Hélène parlait pour elle; elle avait oublié que je n'étais pas à même de la comprendre, que je ne savais rien, ou du moins presque rien à ce sujet; je la ramenai sur mon terrain.

«Et quand Mlle Temple vous donne des leçons, votre pensée continue-t-elle à errer?

– Non certainement; c'est rare du moins. Mlle Temple a presque toujours à me dire quelque chose de plus nouveau que mes propres réflexions; son langage me semble doux, et ce qu'elle m'apprend est justement ce que je désirais savoir.

– Alors avec Mlle Temple vous êtes bonne?

– Oui, c'est-à-dire que je suis bonne passivement; je ne fais point d'efforts; je vais où me guide mon penchant; il n'y a pas de mérite dans une telle bonté.

– Un grand, au contraire; vous êtes bonne pour ceux qui sont bons envers vous; c'est tout ce que j'ai jamais désiré.

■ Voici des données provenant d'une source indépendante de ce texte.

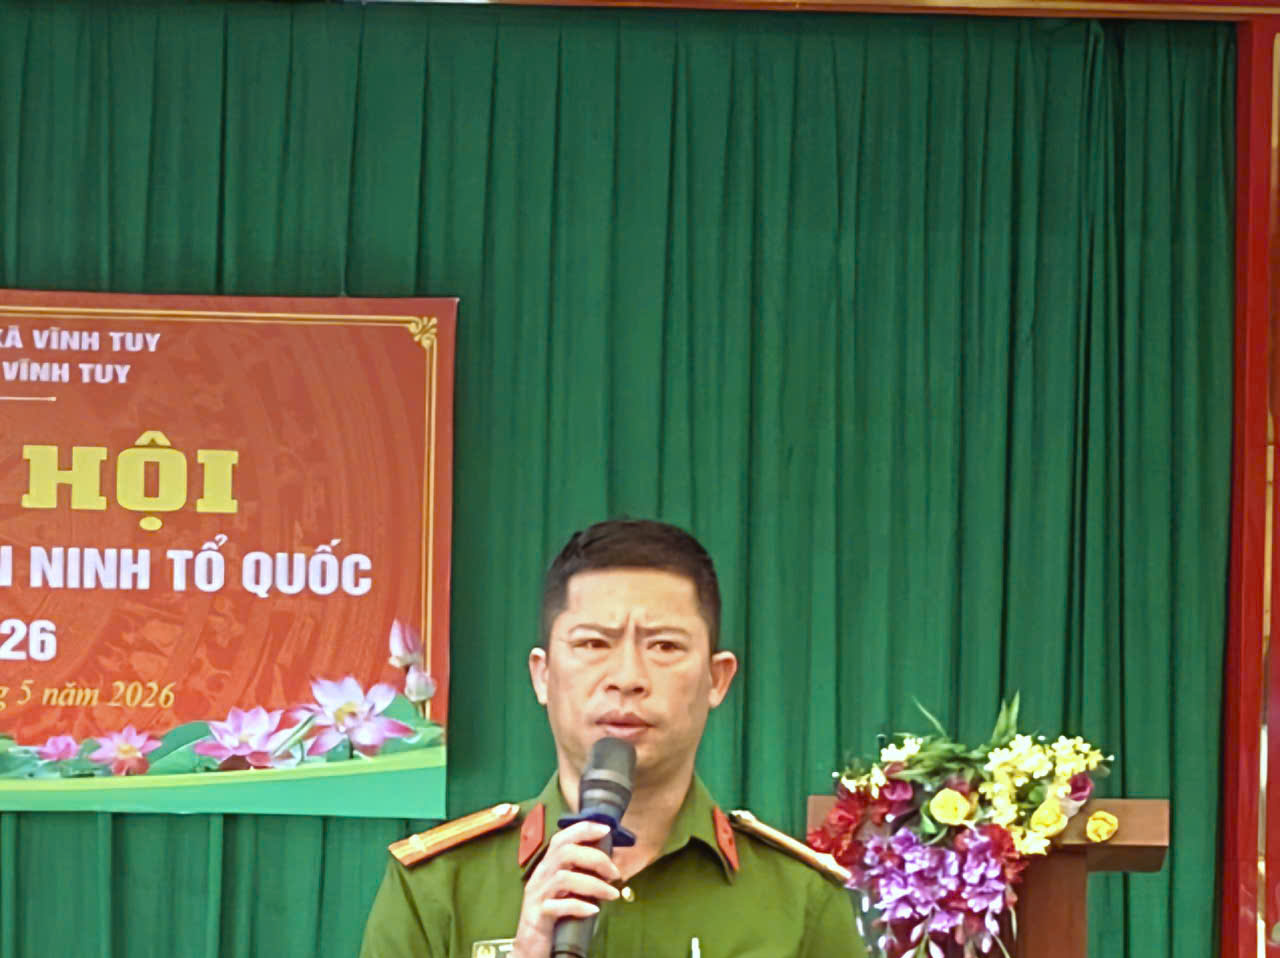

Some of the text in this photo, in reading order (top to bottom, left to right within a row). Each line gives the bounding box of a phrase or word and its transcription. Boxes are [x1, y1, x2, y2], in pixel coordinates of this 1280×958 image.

Si l'on obéissait à ceux qui sont cruels et injustes, les méchants auraient trop de facilité; rien ne les effrayerait plus, et ils ne changeraient pas; au contraire, ils deviendraient de plus en plus mauvais. Quand on nous frappe sans raison, nous devrions aussi frapper rudement, si rudement que la personne qui a été injuste ne fût jamais tentée de recommencer.

«-Quand vous serez plus âgée, j'espère que vous changerez d'idées; vous êtes encore une enfant, et vous ne savez pas.

– Mais je sens, Hélène, que je détesterai toujours ceux qui ne m'aimeront pas, quoi que je fasse pour leur plaire, et que je résisterai à ceux qui me puniront injustement; c'est tout aussi naturel que de chérir ceux qui me montreront de l'affection, et d'accepter un châtiment si je le reconnais mérité.

– Les païens et les tribus sauvages proclament cette doctrine; mais les chrétiens et les nations civilisées la désavouent.

– Comment? Je ne comprends pas.

– Ce n'est pas la violence qui dompte la haine, ni la vengeance qui guérit l'injure.

– Qu'est-ce donc alors?

– Lisez le Nouveau Testament; écoutez ce que dit le Christ, et voyez ce qu'il fait: que sa parole devienne votre règle, et sa conduite votre exemple.

– Et que dit-il?

– Il dit: «Aimez vos ennemis; bénissez ceux qui vous maudissent, et faites du bien à ceux qui vous haïssent et vous traitent avec mépris.»

– Alors il me faudrait aimer Mme Reed? je ne le puis pas. Il faudrait bénir son fils John? c'est impossible!»

À son tour, Hélène me demanda de m'expliquer: je commençai à ma manière le récit de mes souffrances et de mes ressentiments. Quand j'étais excitée, je devenais sauvage et amère; je parlais comme je sentais, sans réserve, sans pitié. Hélène m'écouta patiemment jusqu'à la fin; je m'attendais à quelque remarque, mais elle resta muette.

«Ho bien! m'écriai-je, Mme Reed n'est-elle pas une femme dure et sans coeur?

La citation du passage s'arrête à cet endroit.